Hardy-Weinberg Equilibrium Problems

Hardy-Weinberg Equilibrium Problems

Problem 1: Cystic Fibrosis in US Caucasian Newborns

  • Given Data: 1 in 1700 newborns have cystic fibrosis (cc).

  • Definitions:

    • C: Normal allele (dominant)

    • c: Cystic fibrosis allele (recessive)

a) Determine Frequencies of Alleles and Genotypes

  • Frequency of genotype cc:

    • Frequency = 1/1700 = 0.000588.

  • Calculate frequency of allele c (q):

    • q^2 = 0.000588 → q = √0.000588 ≈ 0.0242.

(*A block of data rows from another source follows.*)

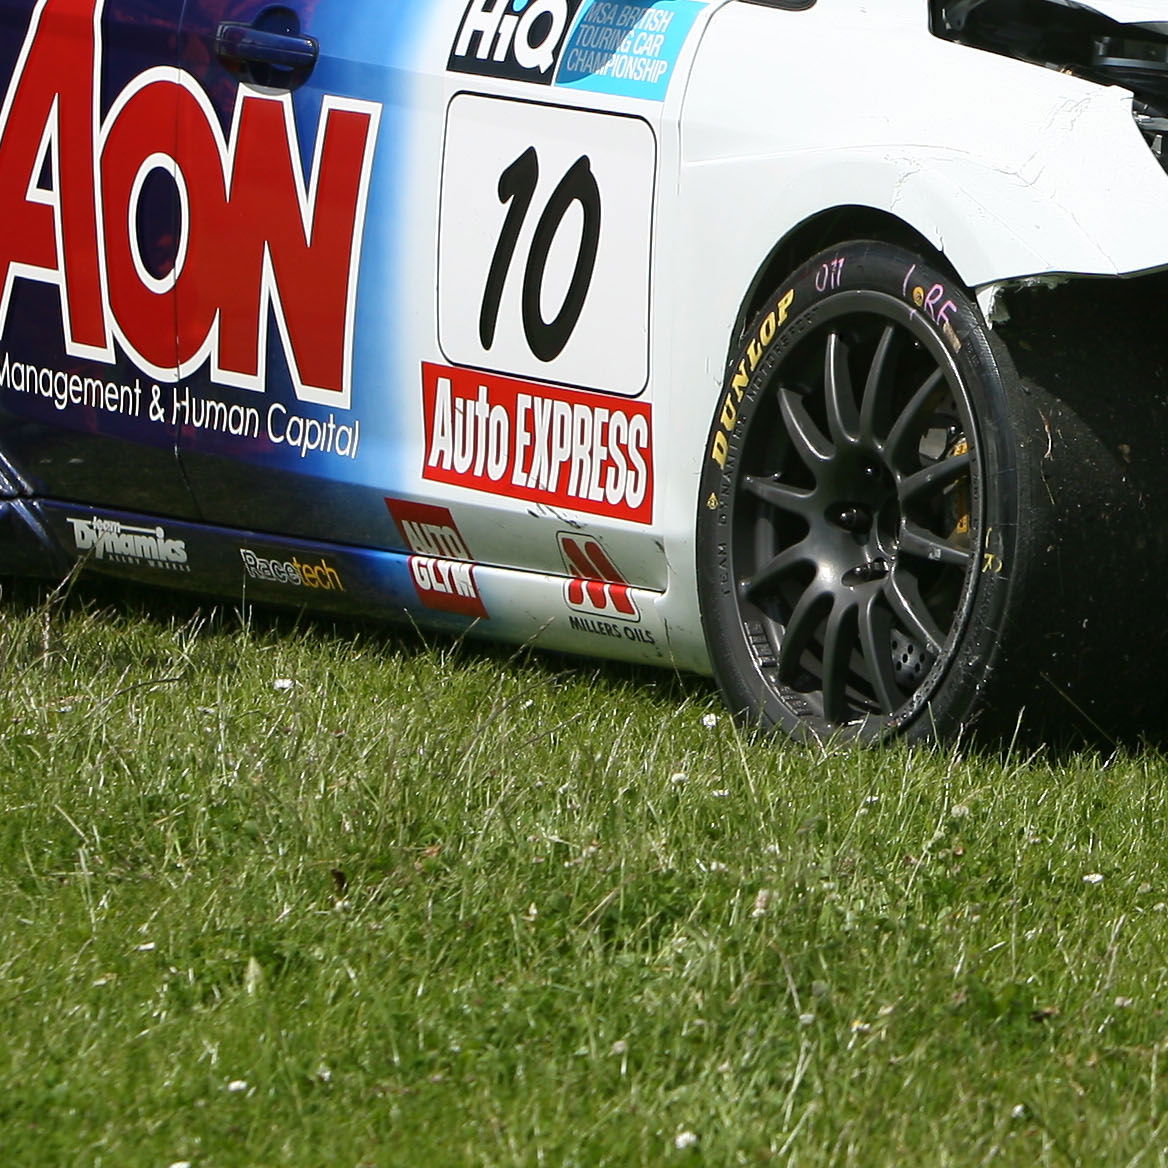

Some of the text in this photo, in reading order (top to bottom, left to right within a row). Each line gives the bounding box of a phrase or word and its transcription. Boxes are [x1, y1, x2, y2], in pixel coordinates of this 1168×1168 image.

[583, 2, 675, 33] MSA BRITISH
[575, 24, 665, 58] TOURING CAR
[566, 48, 668, 84] CHAMPIONSHIP
[479, 146, 601, 363] 10
[711, 288, 795, 470] DUNLOP
[149, 384, 165, 423] &
[173, 387, 259, 439] Human
[267, 403, 360, 459] Capital
[510, 392, 649, 510] EXPRESS
[401, 519, 470, 560] AUTO
[411, 556, 478, 599] GLYM
[568, 616, 656, 645] MILLERS OILS

  • Calculate frequency of allele C (p):

    • p = 1 - q = 1 - 0.0242 ≈ 0.9758.

  • Genotype frequencies:

    • CC (homozygous normal) = p^2 ≈ (0.9758)^2 ≈ 0.9524.

    • Cc (heterozygous) = 2pq ≈ 2(0.9758)(0.0242) ≈ 0.0473.

    • cc = q^2 = 0.000588.

b) Homozygous Normal Individuals

  • Total individuals: 1700

  • Homozygous normal (CC) = Total population × Frequency of CC

    • Number = 1700 × 0.9524 ≈ 1620.

d) Significance of cc Phenotype

  • Relevance: The presence of cc (cystic fibrosis) indicates individuals are homozygous recessive, which presents critical information for population genetics and understanding genetic diseases.

Problem 2: Albinism in North America

  • Given Data: Average frequency of albinism = 1 in 20,000.

  • Definitions:

    • a: Albinism allele (recessive)

    • A: Normal allele (dominant)

a) Determine Frequencies of Each Allele

  • Frequency of genotype aa (albinism) = 1/20000 = 0.00005.

  • Calculate frequency of allele a (q):

    • q^2 = 0.00005 → q ≈ 0.00707.

  • Calculate frequency of allele A (p):

    • p = 1 - q ≈ 1 - 0.00707 ≈ 0.99293.

b) Carriers of Albinism

  • Frequency of carriers (Aa):

    • Aa frequency = 2pq = 2 (0.99293)(0.00707) ≈ 0.01405.

  • Percentage of population that are carriers:

    • Percentage = 0.01405 × 100 ≈ 1.41%.

c) Homozygous Normal Individuals

  • Frequency of homozygous normal (AA):

    • AA frequency = p^2 ≈ (0.99293)^2 ≈ 0.98593.

  • Percentage:

    • Homozygous normal = 0.98593 × 100 ≈ 98.59%.

Problem 3: Sickle Cell Anemia in Africa

  • Given Data: 9% of the population has the allele for sickle-cell anemia (ss).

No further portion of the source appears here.